Nearly two weeks after Hurricane Helene downed power lines and washed out roads all over North Carolina’s mountains, the roar of gas-powered generators is both unpleasant and essential
— Nearly two weeks after Hurricane Helene downed power lines and washed out roads all over North Carolina’s mountains, the constant din of a gas-powered generator is getting to be too much for Bobby Renfro.
It’s difficult to hear the nurses, neighbors and volunteers flowing through the community resource hub he has set up in a former church for his neighbors in Tipton Hill, a crossroads in the Pisgah National Forest north of Asheville. Much worse is the cost: he spent $1,200 to buy it and thousands more on fuel that volunteers drive in from Tennessee.
Turning off their only power source isn’t an option. This generator runs a refrigerator holding insulin for neighbors with diabetes and powers the oxygen machines and nebulizers some of them need to breathe.
The retired railroad worker worries that outsiders don’t understand how desperate they are, marooned without power on hilltops and down in “hollers.“
“We have no resources for nothing,” Renfro said. “It’s going to be a long ordeal.”
More than 43,000 of the 1.5 million customers who lost power in western North Carolina still lacked electricity on Friday, according to Poweroutage.us. Without it, they can’t keep medicines cold or power medical equipment or pump well water. They can’t recharge their phones or apply for federal disaster aid.

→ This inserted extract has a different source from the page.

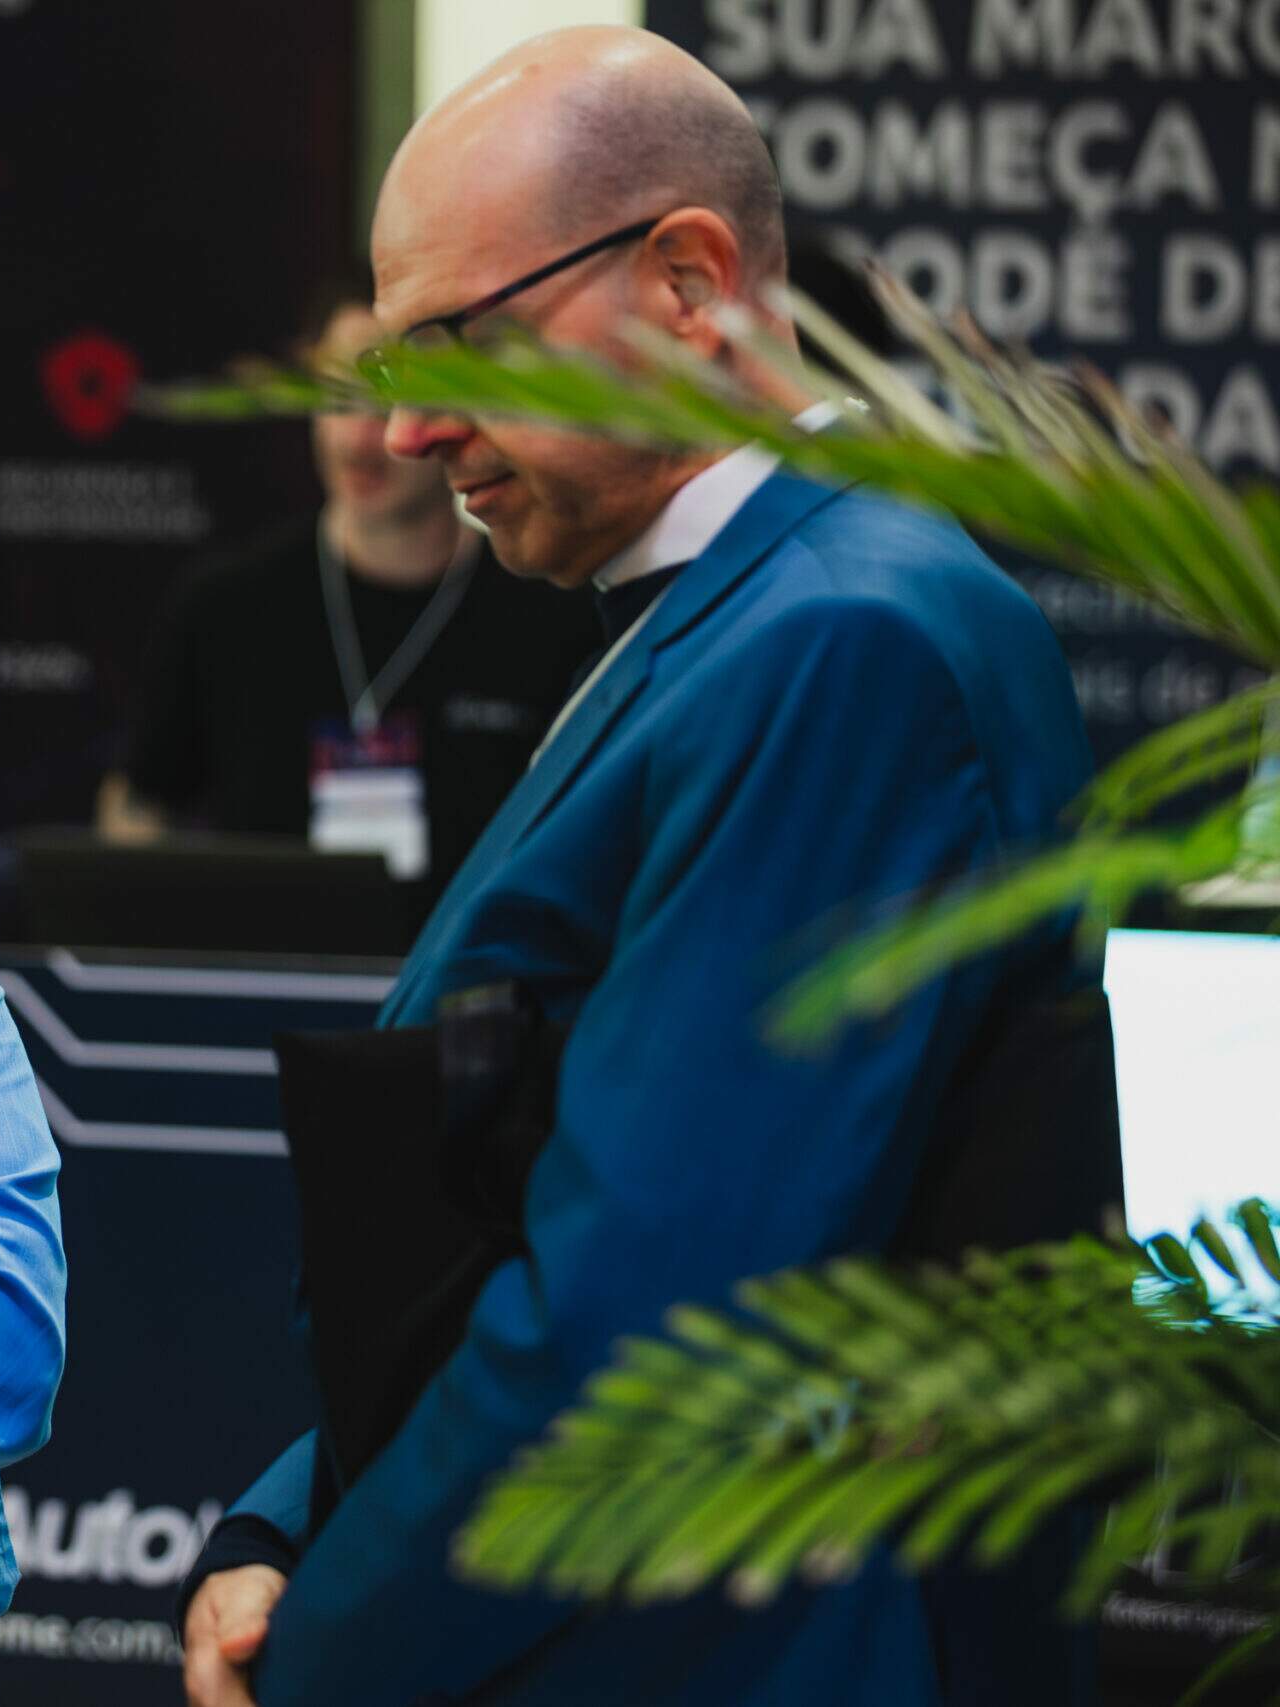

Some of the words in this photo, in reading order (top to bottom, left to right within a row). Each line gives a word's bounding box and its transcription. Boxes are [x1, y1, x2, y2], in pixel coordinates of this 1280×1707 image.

[750, 102, 1220, 224] OMEÇA
[830, 228, 1132, 342] ODE
[2, 1487, 223, 1587] uto

Crews from all over the country and even Canada are helping Duke Energy and local electric cooperatives with repairs, but it’s slow going in the dense mountain forests, where some roads and bridges are completely washed away.
“The crews aren’t doing what they typically do, which is a repair effort. They’re rebuilding from the ground up“, said Kristie Aldridge, vice president of communications at North Carolina Electric Cooperatives.
Residents who can get their hands on gas and diesel-powered generators are depending on them, but that is not easy.